Acknowledging the charge, Ishiguro said his most urgent task now is to bring that business up to speed before looking at additional M&A deals.
“I moved things around to beef up our sensor business, and my top priority is to generate convincing returns from it,” he said. Ishiguro, who took the top job in 2016, oversaw the acquisition of U.S.-based MEMS specialist InvenSense Inc. the year after and is keen to prove that division’s worth.
The auto industry presents another potent opportunity, as TDK’s magnetic sensors can be used at multiple spots around a car, from power-steering to windshield wipers.

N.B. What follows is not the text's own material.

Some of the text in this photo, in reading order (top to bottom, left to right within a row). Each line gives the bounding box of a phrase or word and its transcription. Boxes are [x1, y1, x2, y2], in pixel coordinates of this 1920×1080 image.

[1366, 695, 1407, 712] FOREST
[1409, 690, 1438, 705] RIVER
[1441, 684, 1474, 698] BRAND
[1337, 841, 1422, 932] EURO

The Tokyo-based company’s technology is “already in a lot of car pipelines, including ones awaiting approval and ones waiting for mass production,” Ishiguro said. “In a not so distant future, our sensors will be the de facto standard in the car industry.”
TDK in May forecast a 14% drop in its production for the auto market this fiscal year, as the industry battles the effects of Covid-19 and lingering trade tensions. But Ishiguro’s belief, shared by SMBC Nikko Securities analyst Hiroharu Watanabe, is that the upheaval is more likely to hasten automakers’ transition to smart electric vehicles and thus expand the market for component makers.
“Tesla has adopted an upgradeable computer platform for its Model 3, which we can almost call a smartphone in terms of the semiconductor chips it equips,” Watanabe said. Daimler AG last week announced it will use Nvidia Corp.’s similar smart car technology in all its vehicles starting with 2024 models.